* _WORK REQUEST_
When a line in the entries contains the word "GENOCIDE", copy that line in full.

* _Image-backed grounding data_
┌──

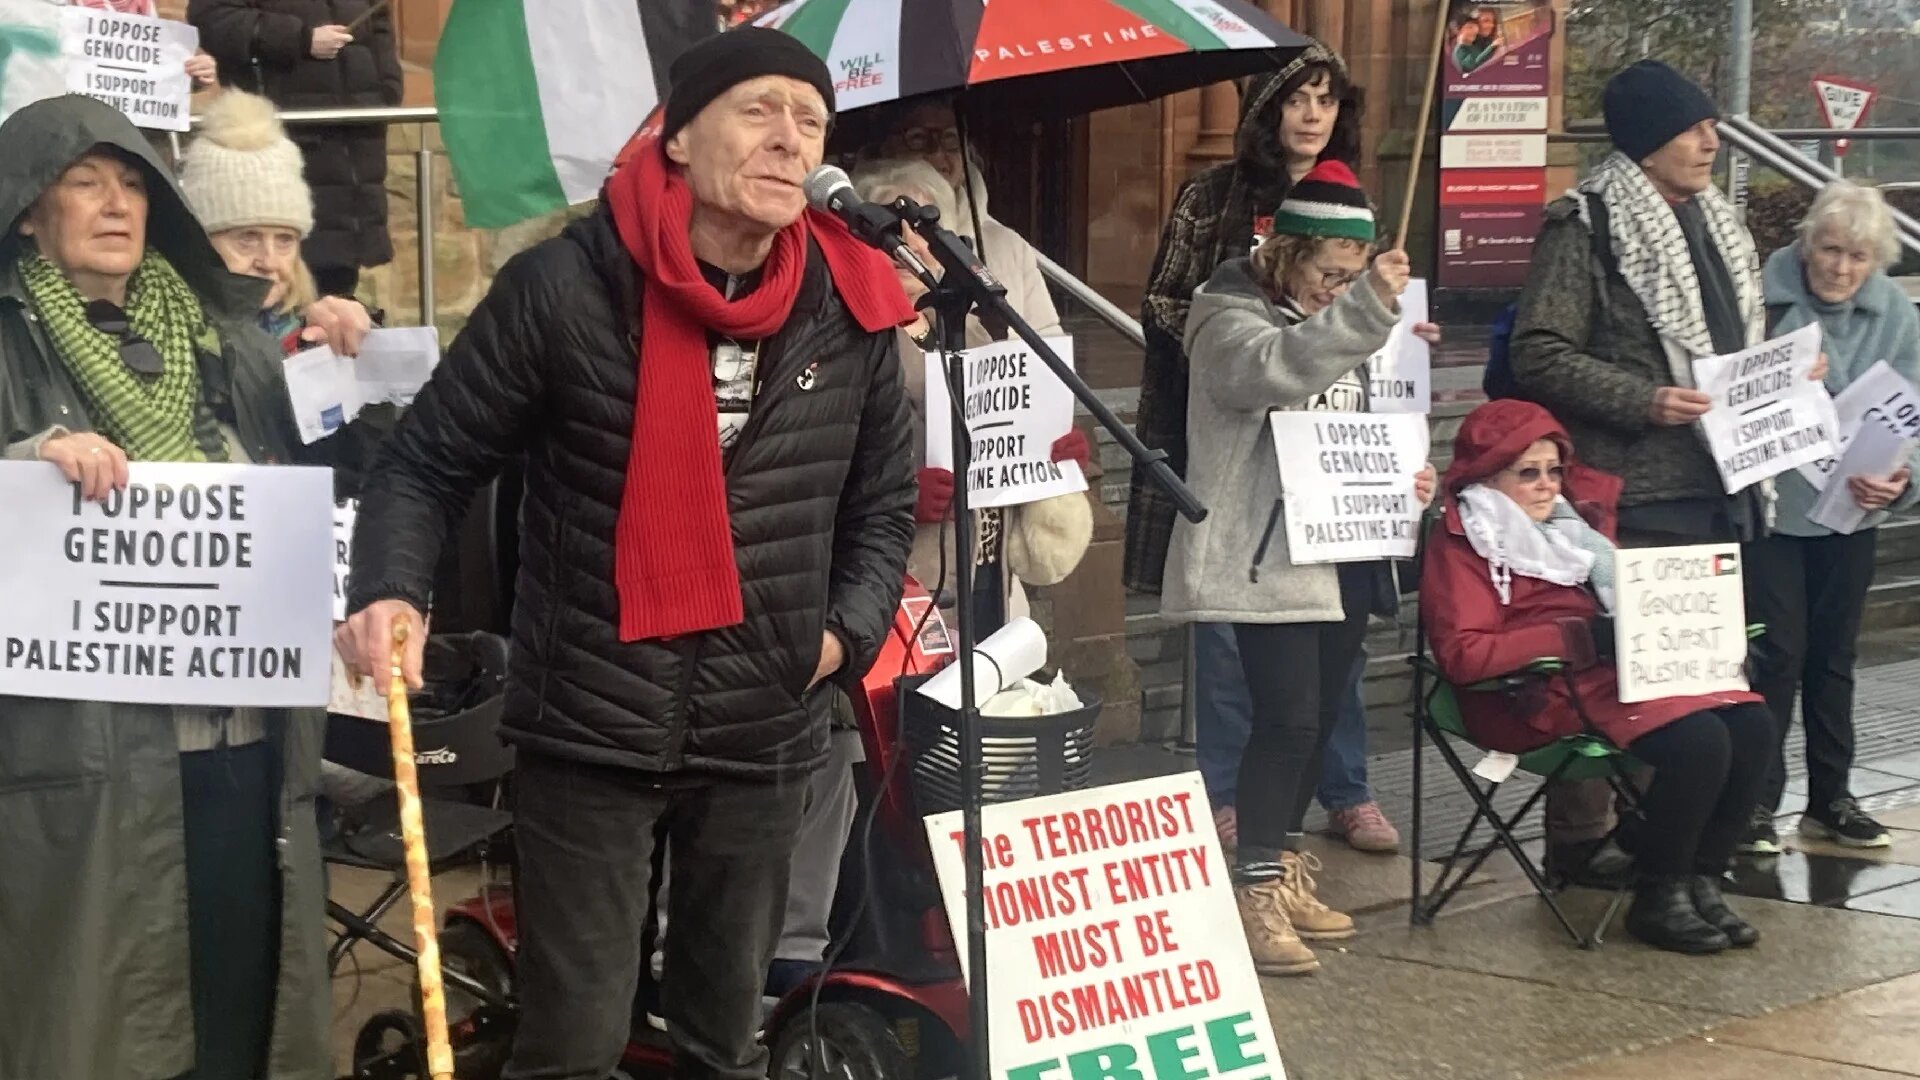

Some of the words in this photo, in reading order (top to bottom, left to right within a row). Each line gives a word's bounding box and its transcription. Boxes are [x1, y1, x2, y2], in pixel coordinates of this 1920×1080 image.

[87, 17, 93, 34] I
[100, 19, 161, 42] OPPOSE
[975, 24, 1158, 61] PALESTINE
[84, 39, 161, 65] GENOCIDE
[840, 53, 884, 70] WILL
[87, 73, 92, 88] I
[95, 74, 156, 95] SUPPORT
[834, 73, 883, 93] FREE
[848, 66, 871, 79] BE
[133, 101, 178, 119] ACTION
[1825, 86, 1861, 107] GIVE
[976, 353, 1027, 386] OPPOSE
[1741, 341, 1794, 377] OPPOSE
[1370, 380, 1415, 398] CTION
[1728, 367, 1793, 407] GENOCIDE
[966, 385, 1030, 421] GENOCIDE
[1315, 423, 1324, 444] I
[1327, 423, 1392, 446] OPPOSE
[1741, 408, 1793, 443] SUPPORT
[971, 434, 1025, 463] UPPORT
[1320, 450, 1402, 474] GENOCIDE
[1000, 460, 1063, 488] ACTION
[72, 481, 82, 515] I
[101, 483, 245, 521] OPPOSE
[1332, 496, 1339, 516] I
[1344, 494, 1408, 515] SUPPORT
[1305, 520, 1388, 544] PALESTINE
[64, 527, 252, 568] GENOCIDE
[1626, 560, 1644, 583] I
[1653, 557, 1712, 580] OPPOSE
[1639, 589, 1720, 617] GENOCIDE
[72, 599, 81, 631] I
[94, 601, 241, 636] SUPPORT
[1630, 633, 1647, 653] I
[5, 637, 174, 677] PALESTINE
[187, 647, 301, 679] ACTION
[1629, 659, 1700, 688] PALESTINE
[414, 751, 457, 764] areCo
[1023, 792, 1195, 861] TERRORIST
[963, 867, 1092, 931] IONIST
[1103, 846, 1212, 905] ENTITY
[1032, 919, 1124, 979] MUST
[1134, 910, 1179, 957] BE
[1016, 959, 1221, 1044] DISMANTLED

└──

* _RESULT BELOW_
[84, 39, 161, 65] GENOCIDE
[1728, 367, 1793, 407] GENOCIDE
[966, 385, 1030, 421] GENOCIDE
[1320, 450, 1402, 474] GENOCIDE
[64, 527, 252, 568] GENOCIDE
[1639, 589, 1720, 617] GENOCIDE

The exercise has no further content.